Later, when Team 7 finally got a moment alone on one of the estate’s outer walkways, Naruto threw his hands up. “Okay, I’m saying it. That guy is creepy.”

“Thank you for your insight,” Sakura deadpanned.

“No, seriously! At first I thought he was just one of those weird noble types who talks too fancy and stares because he doesn’t know how people work. But he’s definitely got something wrong with him.”

Kakashi nodded mildly. “Good assessment.”

Naruto looked offended. “I do good assessments all the time.”

“Treasure this one,” Sasuke said.

Naruto opened his mouth, clearly preparing an indignant retort, but Sakura caught his sleeve. “Naruto.”

He turned. Her expression must have said enough, because his annoyance drained quickly.

“You okay?” he asked, more serious.

Sakura hesitated. Team 7 was not bad at reading one another. They had simply gotten better lately, as if surviving enough things together had sanded down the awkward parts of honesty.

“No,” she said finally. “I don’t like how he looks at me.”

Naruto’s face hardened at once.

Kakashi’s eye lost its smile.

Sasuke went terrifyingly blank.

Naruto cracked his knuckles. “Cool. Great. Awesome. So I can punch a prince, right?”

“Not yet,” Kakashi said.

“Yet?”

“Let’s not sound excited, Naruto.”

“I’m not excited.
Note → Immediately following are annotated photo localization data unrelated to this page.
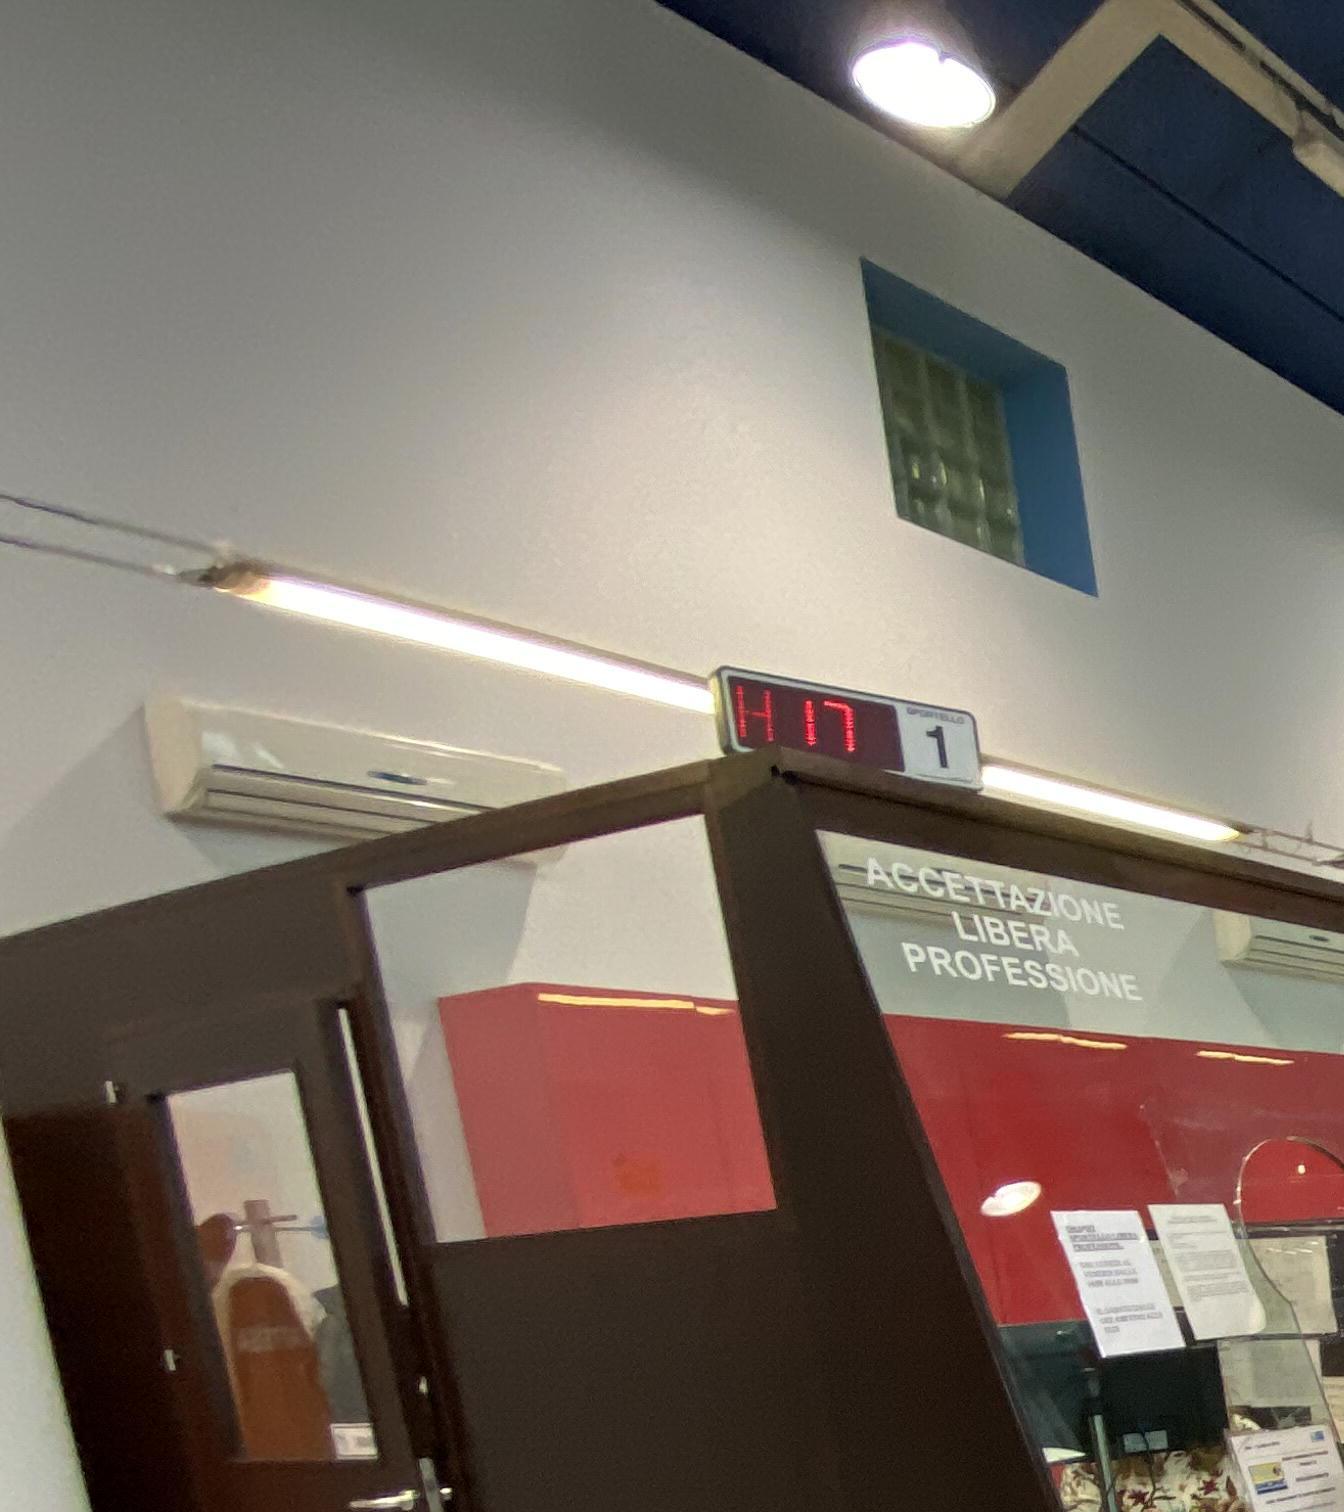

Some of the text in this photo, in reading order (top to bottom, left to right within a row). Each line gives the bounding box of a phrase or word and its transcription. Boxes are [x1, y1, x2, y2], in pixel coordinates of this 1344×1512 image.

[926, 725, 948, 768] 1
[866, 856, 1125, 930] ACCETTAZIONE
[951, 911, 1080, 957] LIBERA
[901, 941, 1143, 1001] PROFESSIONE
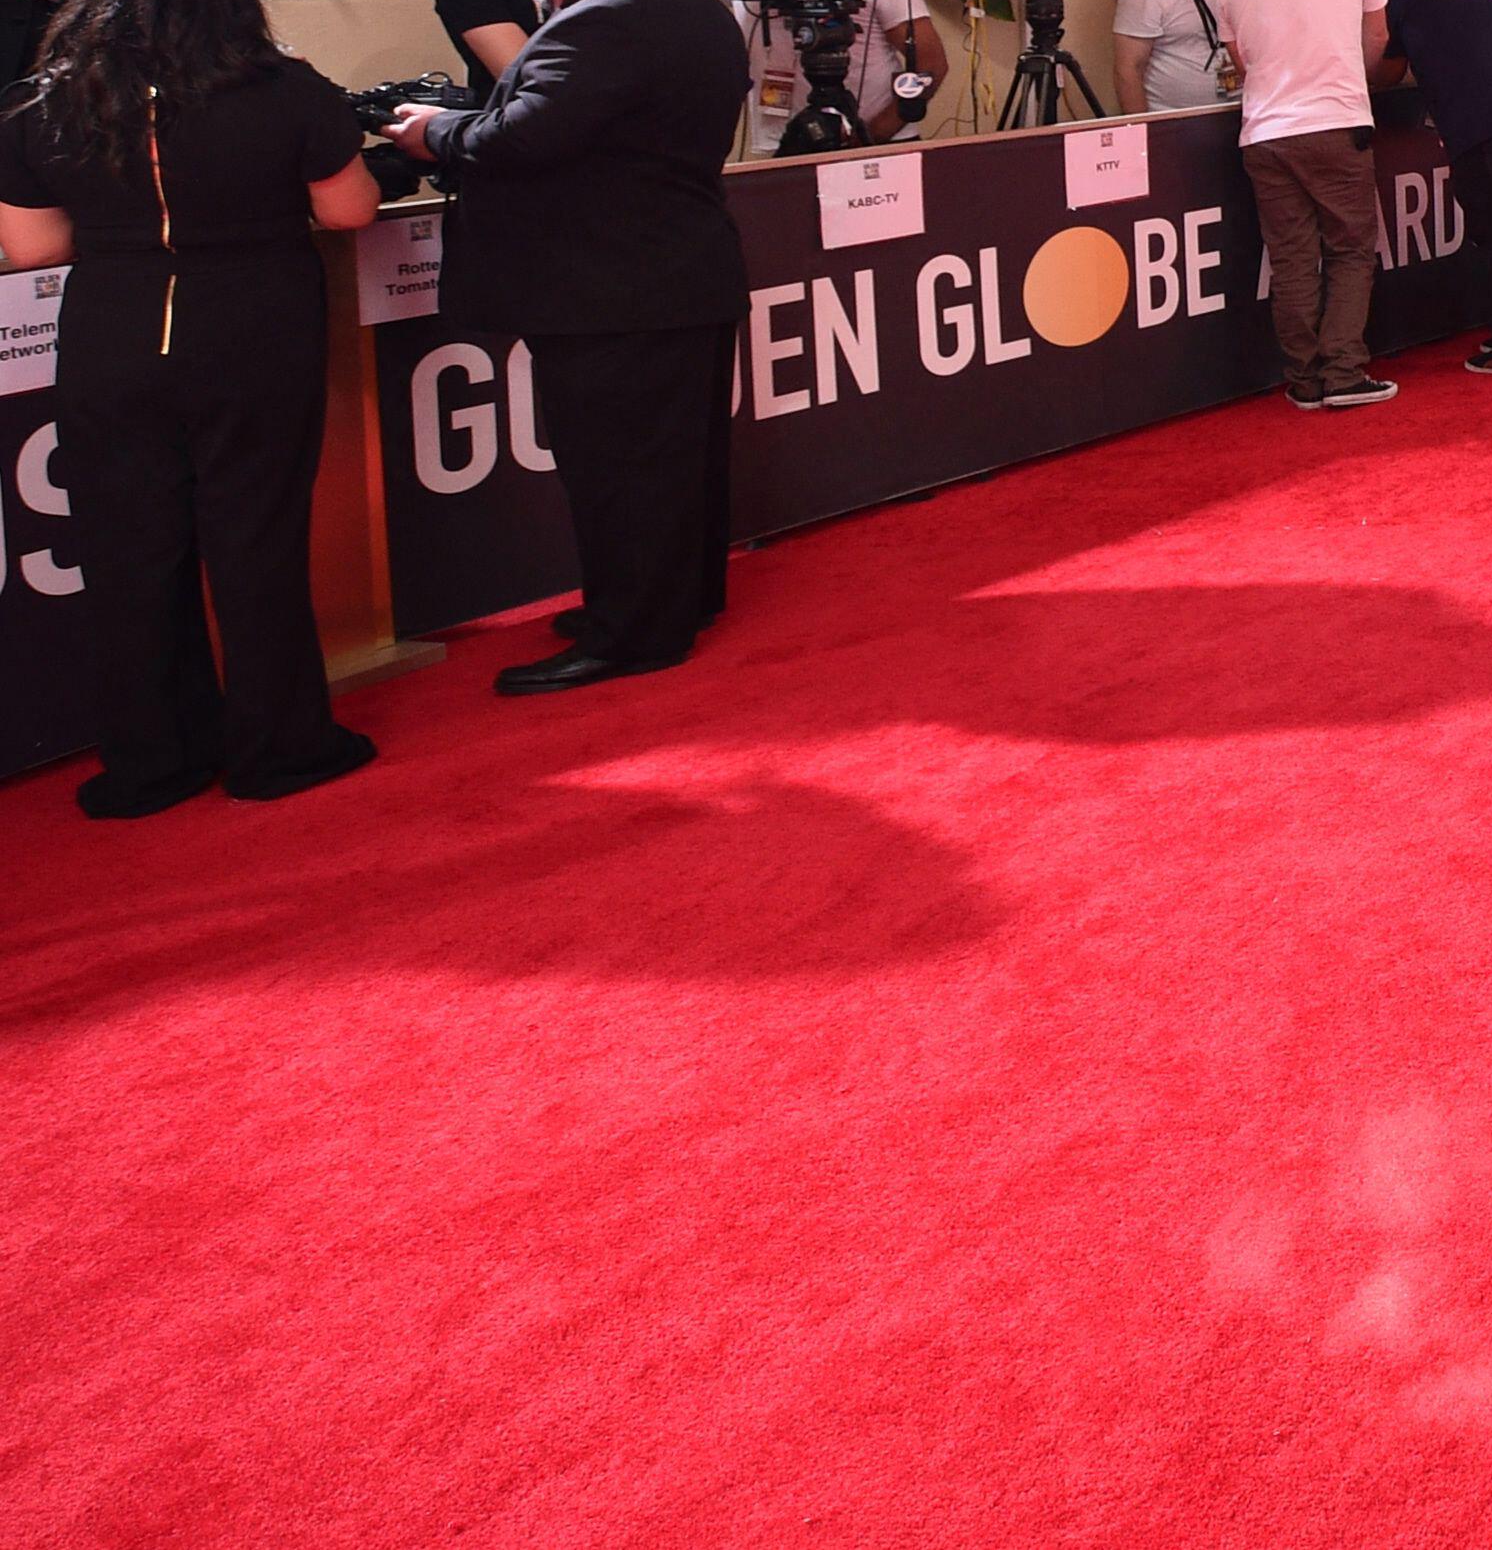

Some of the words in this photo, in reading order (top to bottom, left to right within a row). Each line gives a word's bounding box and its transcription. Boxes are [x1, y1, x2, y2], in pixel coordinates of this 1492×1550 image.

[1096, 160, 1120, 172] KTTV
[848, 192, 899, 210] KABC-TV
[397, 261, 440, 276] Rotte
[385, 278, 440, 296] Tomat
[916, 207, 1226, 377] GLOBE
[0, 322, 56, 341] Telem
[0, 338, 59, 361] etwor
I’m offended on Sakura’s behalf.”

Sakura smiled despite the knot in her stomach. “Thanks.”

Naruto folded his arms. “You don’t even have to thank me. I’m obviously on your side. Also Sasuke would kill me if I wasn’t.”

“That too,” Kakashi agreed.

Sasuke ignored them. “He won’t get near you alone.”

“Agreed,” Kakashi said. “From now on, no one wanders this estate solo. Even for patrol rotations, pair up.”

Naruto pointed at Sakura and Sasuke. “We all know who’s pairing up.”

Sakura rolled her eyes. “You say that like it’s new.”

“It is not,” Naruto said gloomily. “I’m the one who has to watch it.”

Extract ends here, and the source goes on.